→ Supplied material:
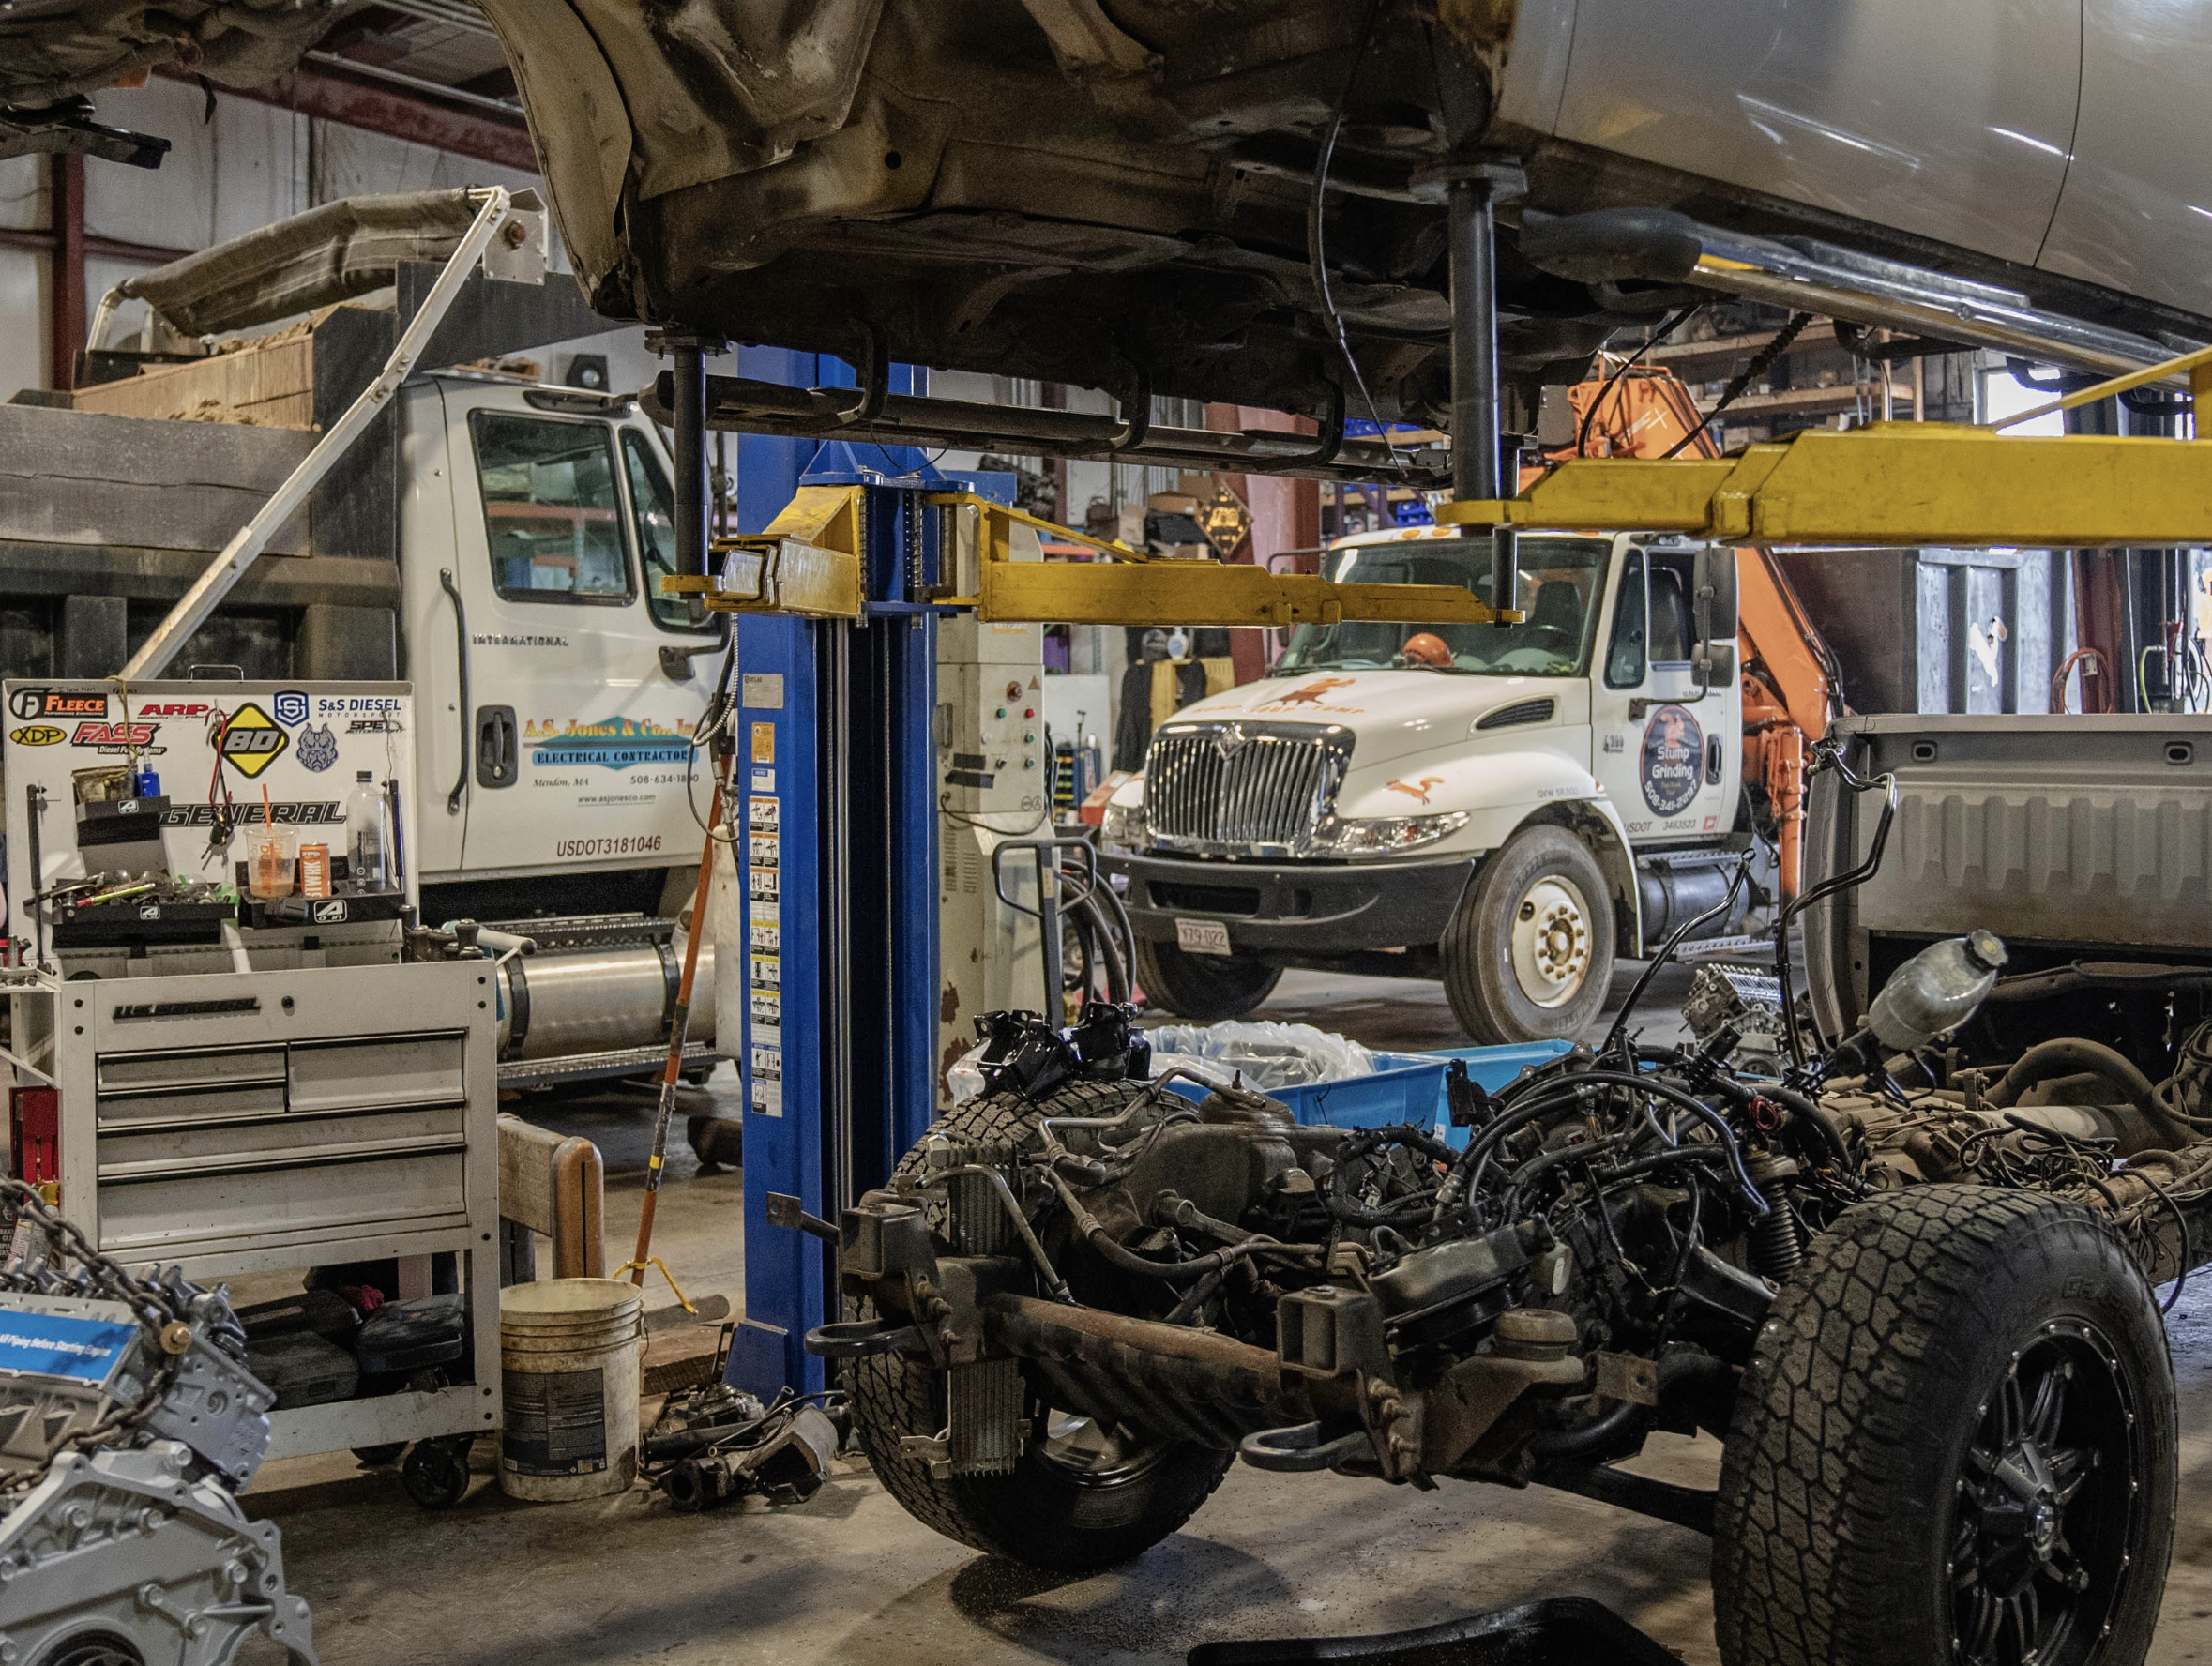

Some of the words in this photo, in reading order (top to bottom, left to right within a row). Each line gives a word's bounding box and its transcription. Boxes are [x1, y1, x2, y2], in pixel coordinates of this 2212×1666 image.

[473, 632, 568, 646] INTERNATIONAL
[45, 695, 105, 712] FLEECE
[139, 704, 208, 716] ARP
[319, 699, 345, 711] S&S
[350, 698, 401, 711] DIESEL
[16, 727, 61, 744] XDP
[73, 723, 156, 744] FASS
[565, 719, 616, 736] Jones
[621, 719, 635, 736] &
[224, 731, 280, 751] BD
[538, 751, 609, 764] ELECTRICAL
[1657, 746, 1689, 762] Stump
[1652, 764, 1693, 780] Grinding
[533, 778, 571, 787] Mendon,
[573, 778, 589, 786] MA
[578, 793, 657, 805] www.asjonesco.com
[159, 803, 347, 827] GENERAL
[556, 835, 662, 857] USDOT3181046

→ Problem details: Transcribe all of the data above verbatim but omit every picture.

→ Response to the task:
Some of the words in this photo, in reading order (top to bottom, left to right within a row). Each line gives a word's bounding box and its transcription. Boxes are [x1, y1, x2, y2], in pixel coordinates of this 2212×1666 image.

[473, 632, 568, 646] INTERNATIONAL
[45, 695, 105, 712] FLEECE
[139, 704, 208, 716] ARP
[319, 699, 345, 711] S&S
[350, 698, 401, 711] DIESEL
[16, 727, 61, 744] XDP
[73, 723, 156, 744] FASS
[565, 719, 616, 736] Jones
[621, 719, 635, 736] &
[224, 731, 280, 751] BD
[538, 751, 609, 764] ELECTRICAL
[1657, 746, 1689, 762] Stump
[1652, 764, 1693, 780] Grinding
[533, 778, 571, 787] Mendon,
[573, 778, 589, 786] MA
[578, 793, 657, 805] www.asjonesco.com
[159, 803, 347, 827] GENERAL
[556, 835, 662, 857] USDOT3181046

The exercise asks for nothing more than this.